■ TASK DETAILS:
Reproduce the data below word for word.
START SOURCE DATA
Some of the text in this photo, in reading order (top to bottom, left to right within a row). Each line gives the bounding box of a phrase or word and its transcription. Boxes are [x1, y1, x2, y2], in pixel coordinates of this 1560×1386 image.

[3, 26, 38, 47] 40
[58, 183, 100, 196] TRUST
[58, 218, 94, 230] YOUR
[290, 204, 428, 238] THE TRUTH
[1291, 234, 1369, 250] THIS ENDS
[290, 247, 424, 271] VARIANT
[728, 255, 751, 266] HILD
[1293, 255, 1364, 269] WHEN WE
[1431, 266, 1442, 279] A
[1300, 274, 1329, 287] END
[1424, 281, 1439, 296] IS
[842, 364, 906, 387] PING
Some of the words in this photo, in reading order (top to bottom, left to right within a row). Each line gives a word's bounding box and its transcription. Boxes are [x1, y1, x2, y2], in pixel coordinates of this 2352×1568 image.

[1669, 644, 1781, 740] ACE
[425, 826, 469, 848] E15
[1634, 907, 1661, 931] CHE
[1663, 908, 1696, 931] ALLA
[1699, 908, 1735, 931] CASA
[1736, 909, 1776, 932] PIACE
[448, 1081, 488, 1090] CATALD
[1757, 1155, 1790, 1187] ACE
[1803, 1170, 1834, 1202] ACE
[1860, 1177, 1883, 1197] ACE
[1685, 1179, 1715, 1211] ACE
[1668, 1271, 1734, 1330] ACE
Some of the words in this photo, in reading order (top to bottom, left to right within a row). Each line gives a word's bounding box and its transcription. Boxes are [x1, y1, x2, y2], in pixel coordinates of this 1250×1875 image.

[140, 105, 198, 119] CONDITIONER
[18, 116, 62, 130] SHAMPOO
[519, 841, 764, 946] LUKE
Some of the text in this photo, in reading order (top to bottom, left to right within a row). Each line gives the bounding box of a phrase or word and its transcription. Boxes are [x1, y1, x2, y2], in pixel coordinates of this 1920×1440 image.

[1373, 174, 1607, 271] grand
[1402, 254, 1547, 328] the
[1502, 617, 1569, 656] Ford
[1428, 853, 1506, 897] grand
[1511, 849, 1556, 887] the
END SOURCE DATA
■ REPLY:
Some of the text in this photo, in reading order (top to bottom, left to right within a row). Each line gives the bounding box of a phrase or word and its transcription. Boxes are [x1, y1, x2, y2], in pixel coordinates of this 1560×1386 image.

[3, 26, 38, 47] 40
[58, 183, 100, 196] TRUST
[58, 218, 94, 230] YOUR
[290, 204, 428, 238] THE TRUTH
[1291, 234, 1369, 250] THIS ENDS
[290, 247, 424, 271] VARIANT
[728, 255, 751, 266] HILD
[1293, 255, 1364, 269] WHEN WE
[1431, 266, 1442, 279] A
[1300, 274, 1329, 287] END
[1424, 281, 1439, 296] IS
[842, 364, 906, 387] PING
Some of the words in this photo, in reading order (top to bottom, left to right within a row). Each line gives a word's bounding box and its transcription. Boxes are [x1, y1, x2, y2], in pixel coordinates of this 2352×1568 image.

[1669, 644, 1781, 740] ACE
[425, 826, 469, 848] E15
[1634, 907, 1661, 931] CHE
[1663, 908, 1696, 931] ALLA
[1699, 908, 1735, 931] CASA
[1736, 909, 1776, 932] PIACE
[448, 1081, 488, 1090] CATALD
[1757, 1155, 1790, 1187] ACE
[1803, 1170, 1834, 1202] ACE
[1860, 1177, 1883, 1197] ACE
[1685, 1179, 1715, 1211] ACE
[1668, 1271, 1734, 1330] ACE
Some of the words in this photo, in reading order (top to bottom, left to right within a row). Each line gives a word's bounding box and its transcription. Boxes are [x1, y1, x2, y2], in pixel coordinates of this 1250×1875 image.

[140, 105, 198, 119] CONDITIONER
[18, 116, 62, 130] SHAMPOO
[519, 841, 764, 946] LUKE
Some of the text in this photo, in reading order (top to bottom, left to right within a row). Each line gives the bounding box of a phrase or word and its transcription. Boxes are [x1, y1, x2, y2], in pixel coordinates of this 1920×1440 image.

[1373, 174, 1607, 271] grand
[1402, 254, 1547, 328] the
[1502, 617, 1569, 656] Ford
[1428, 853, 1506, 897] grand
[1511, 849, 1556, 887] the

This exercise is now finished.